Task – Please return every record exactly as written, leaving out the pictures.

Collected data –
Content starts

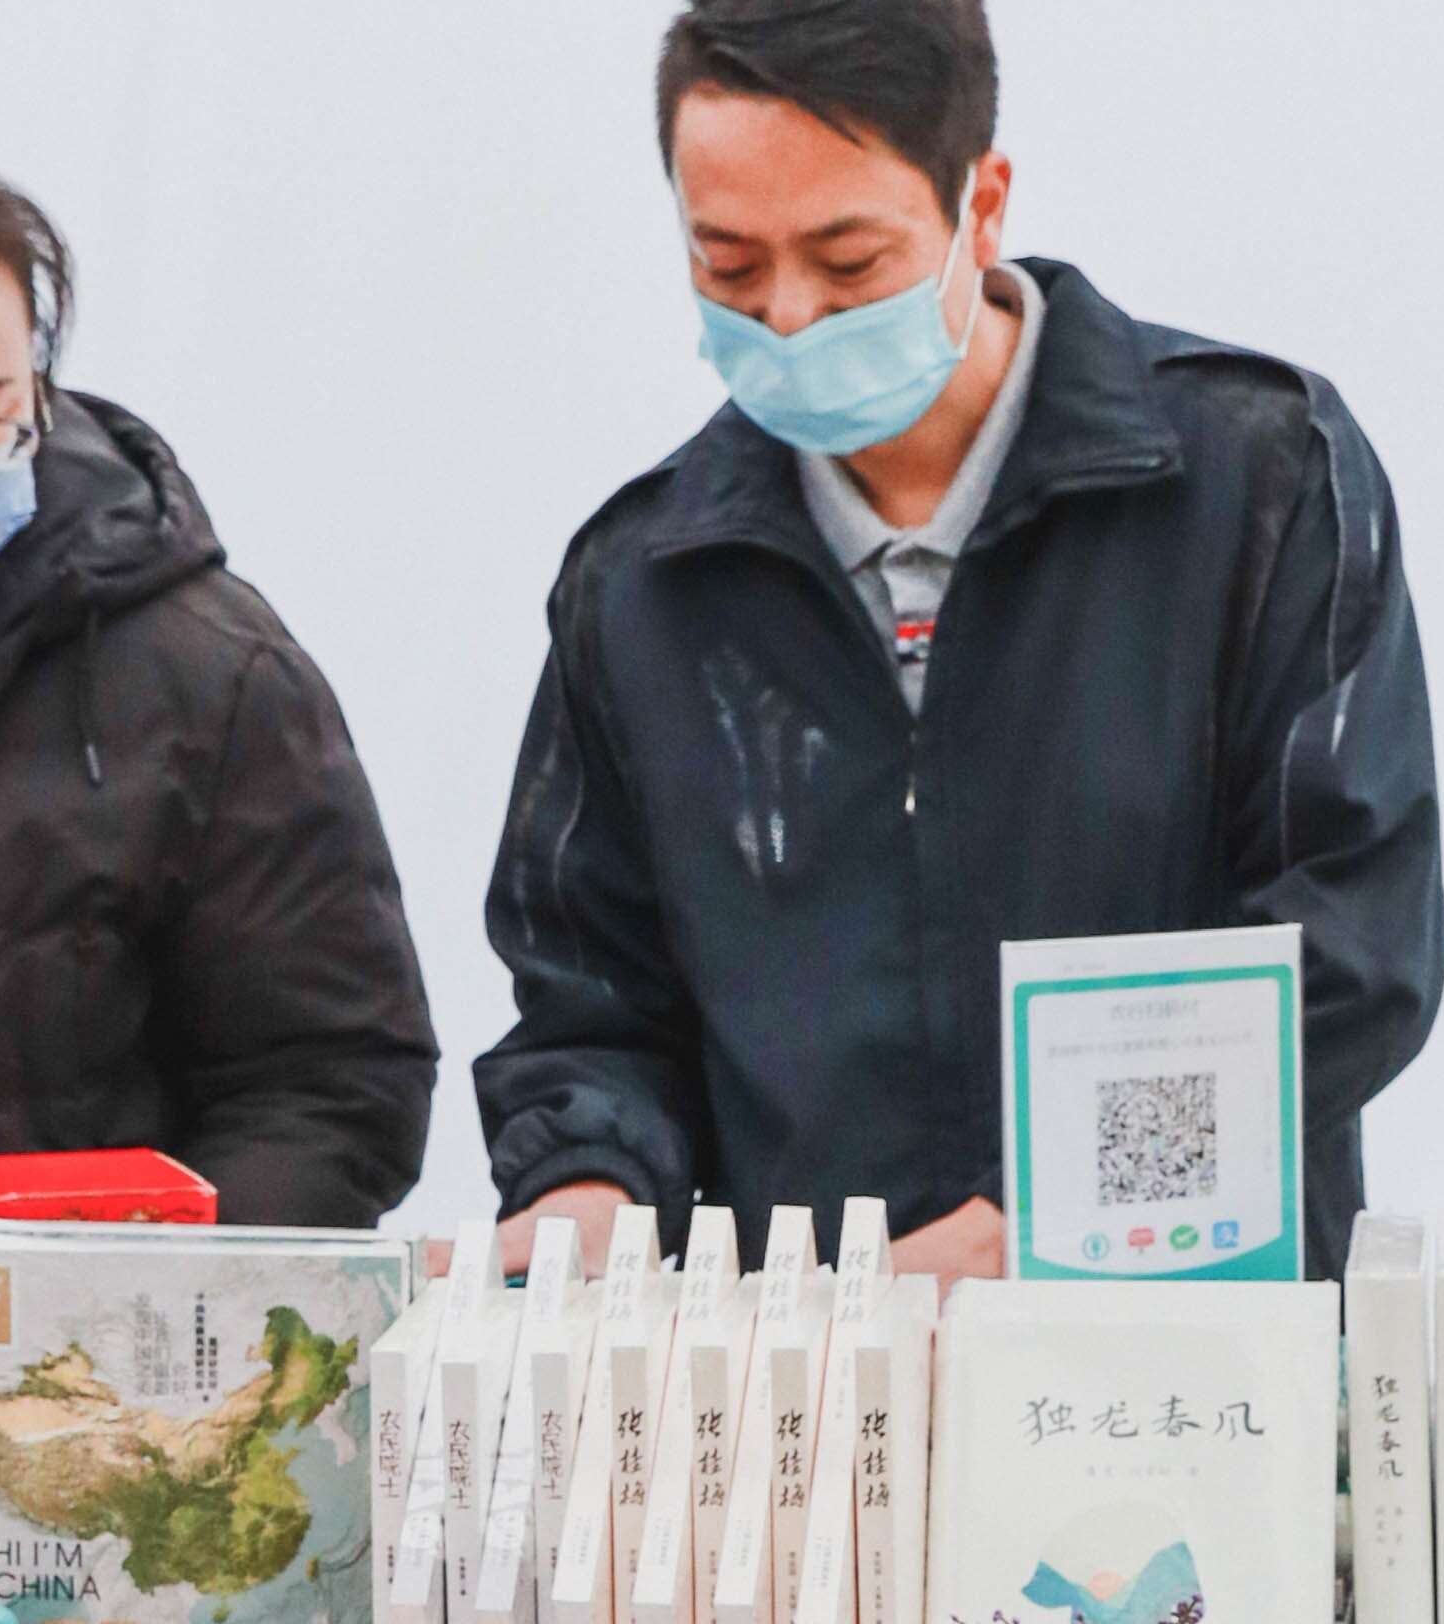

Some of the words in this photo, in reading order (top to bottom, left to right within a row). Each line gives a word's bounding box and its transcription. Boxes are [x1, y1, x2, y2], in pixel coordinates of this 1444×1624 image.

[617, 1406, 646, 1509] 张桂梅
[697, 1407, 725, 1507] 张桂梅
[777, 1407, 806, 1509] 张桂梅
[862, 1407, 890, 1509] 张桂梅
[1017, 1395, 1266, 1441] 独龙春风
[33, 1542, 83, 1569] I'M

Content ends

Solution for this exercise –
Some of the words in this photo, in reading order (top to bottom, left to right within a row). Each line gives a word's bounding box and its transcription. Boxes are [x1, y1, x2, y2], in pixel coordinates of this 1444×1624 image.

[617, 1406, 646, 1509] 张桂梅
[697, 1407, 725, 1507] 张桂梅
[777, 1407, 806, 1509] 张桂梅
[862, 1407, 890, 1509] 张桂梅
[1017, 1395, 1266, 1441] 独龙春风
[33, 1542, 83, 1569] I'M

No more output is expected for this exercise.